Lyrasekretär, Deutschland, vermutlich Kassel, um 1825

Deutschland, um 1825

Mahagoni, ….holz, Elfenbein, teilweise vergoldet

Maße: 167,5x109x53 cm

Das aus Mahagoni gefertigte Schreibmöbel ist in Form einer Lyra konzipiert. Die vergoldeten Löwentatzen stehen auf einem separat gefertigten Schubladenpostament mit nach außen geschwungenen Vierkantfüßen. Über zwei Schubladen erhebt sich das aufklappbare Schreibfach mit aufwendigem Innenleben. Mehrere kleine Schubladen sind um das zentrale, verspiegelte Fach gruppiert, das nach vorne durch eine kleine Balustrade begrenzt wird und an das Innere eines kleinen Tempels erinnert. Hinter dieser Front sind mehrere Geheimfächer verborgen. Die breite Schublade über diesem Schreibfach leitet über zu dem oberen Abschluss des Sekretärs, der durch seine Frontgliederung und seine halbrunde Form an einen geöffneten Fächer erinnert. Auch diese Front ist aufklappbar und verbirgt ein weiteres großes Fach, das ganz aus der äußeren Ummantelung herausgezogen werden kann.

Ausgehend von den mächtigen vergoldeten Löwentatzen wird der Lyrasekretär seitlich durch je eine aus Palmetten herauswachsende, an ein Füllhorn erinnernde, vergoldete Rahmung begrenzt. Das obere Halbrund ist zudem durch ein vergoldetes Kyma umschlossen.

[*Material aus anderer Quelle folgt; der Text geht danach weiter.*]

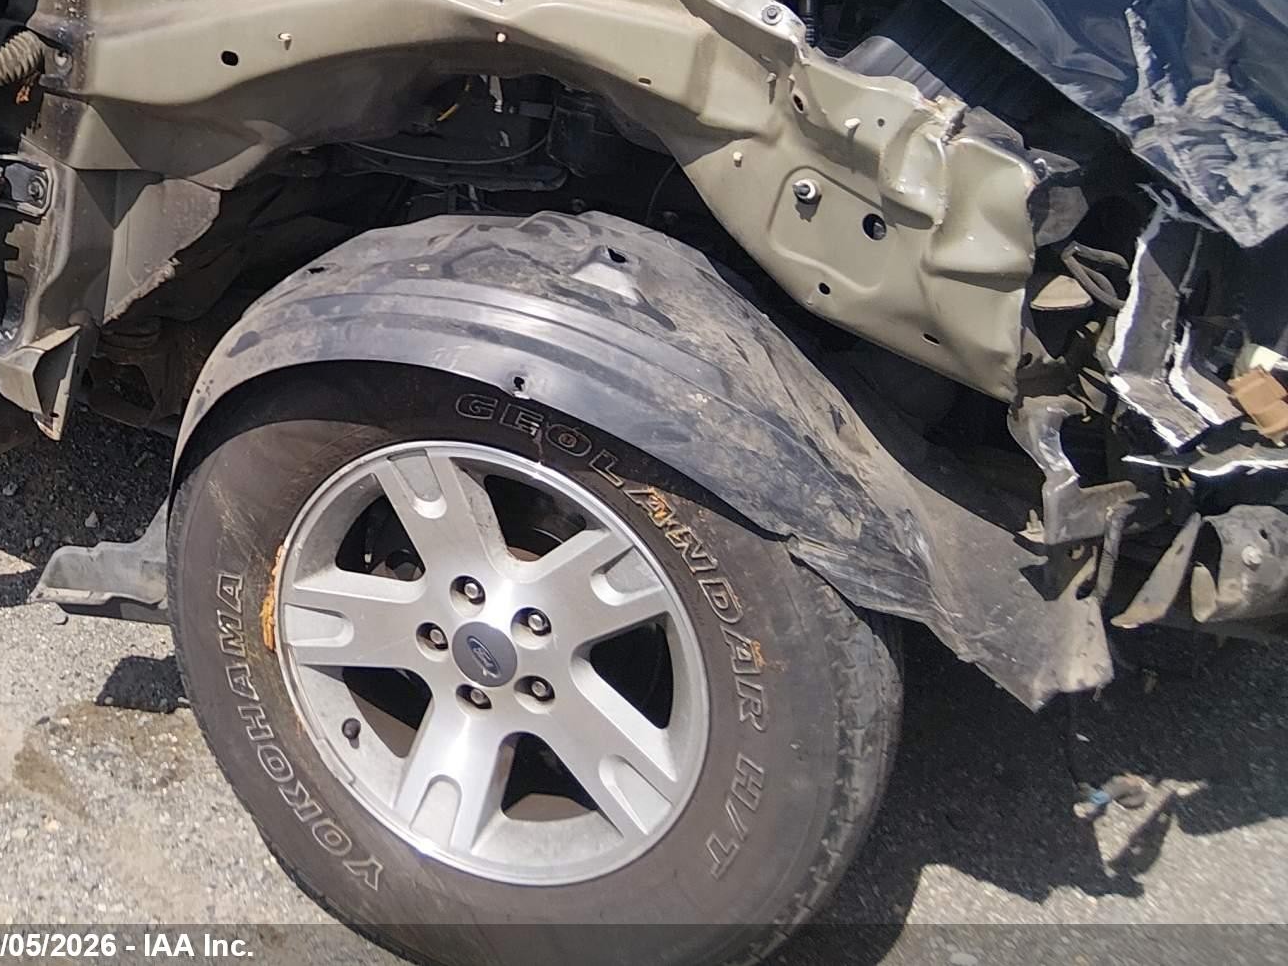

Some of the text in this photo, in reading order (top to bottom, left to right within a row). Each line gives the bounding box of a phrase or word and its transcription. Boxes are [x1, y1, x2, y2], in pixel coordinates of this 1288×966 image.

Der Möbeltypus des Lyrasekretärs hat seinen Ursprung wohl in Österreich und wurde in Deutschland, aufgrund der Komplexität, nur selten aufgenommen. Im Gegensatz zu den verspielten und filigranen Wiener Ausführungen dieses Möbeltypus zeichnen sich die beiden zu belegenden in Deutschland gefertigten Exemplare – jenes im Museum August Kestner in Hannover und das hier besprochene Möbel – durch eine kraftvollere Gestaltung aus.

Dieses Schreibmöbel, das sowohl zum Verfassen als auch zum Aufbewahren von persönlichen sowie administrativen Schriftstücken dienen konnte, verweist durch seine auffällige Silhouette als auch durch mehrere gestalterische Details bereits auf diese Funktionen hin. Die Lyra steht dabei als Sinnbild der Musik- und Dichtkunst, wobei ihre symmetrische Gestalt als Verweis auf die Harmonie als Grundprinzip jeder Philosophie gewertet werden konnte. Die beiderseits des Möbels angebrachten, Füllhörner assoziierenden Rahmungen sind als Hinweis auf unerschöpflichen Wohlstand und Reichtum zu deuten. Die vier Löwentatzen, auf denen das ganze Möbel steht, versinnbildlichen die Idee von Macht und Weisheit des Löwen als „König der Tiere“ und korrespondieren gleichzeitig mit der Wiedergabe der über dem verspiegelten Zentrum des Schreibfaches dargestellten antithetischen Sphingen. Auch diese beiden Mischwesen können als Anspielung auf die in diesem Schreibmöbel aufbewahrten bzw. gefertigten Weisheiten sowie die dort enthaltenen Rätsel gewertet werden. Oberhalb des Zentrums des Möbels wiedergegeben, versinnbildlichen diese Sphingen, entsprechend der oftmals als Wächter fungierenden Mischwesen, den Schutz all des in dem Lyrasekretär Aufbewahrten.

Diese Verknüpfung mit der weiblichen Sphinx als Rätselwesen steht dabei auch in Verbindung mit dem als Fächer gestalteten oberen Abschluss des Möbels – kann doch der Fächer als Sinnbild der weiblichen Koketterie gewertet werden – so dass anzunehmen ist, dass es sich bei diesem Lyrasekretär um ein Damenschreibmöbel handelt.

 

Lit.: Kreisel/Himmelheber, Die Kunst des deutschen Möbels, München 1973, Abb. 335; W.L. Eller, Möbel des Klassizismus, Louis XVI und Empire, Antiquitätenkatalog, München, 2002, S. 239, Abb. [405];

Zu dem Exemplar in Hannover: A. Feulner, Kunstgeschichte des Möbels, Berlin 1927, S. 745, Abb. 648 (dort irrtümlich noch als „Wiener Sekretär“ geführt)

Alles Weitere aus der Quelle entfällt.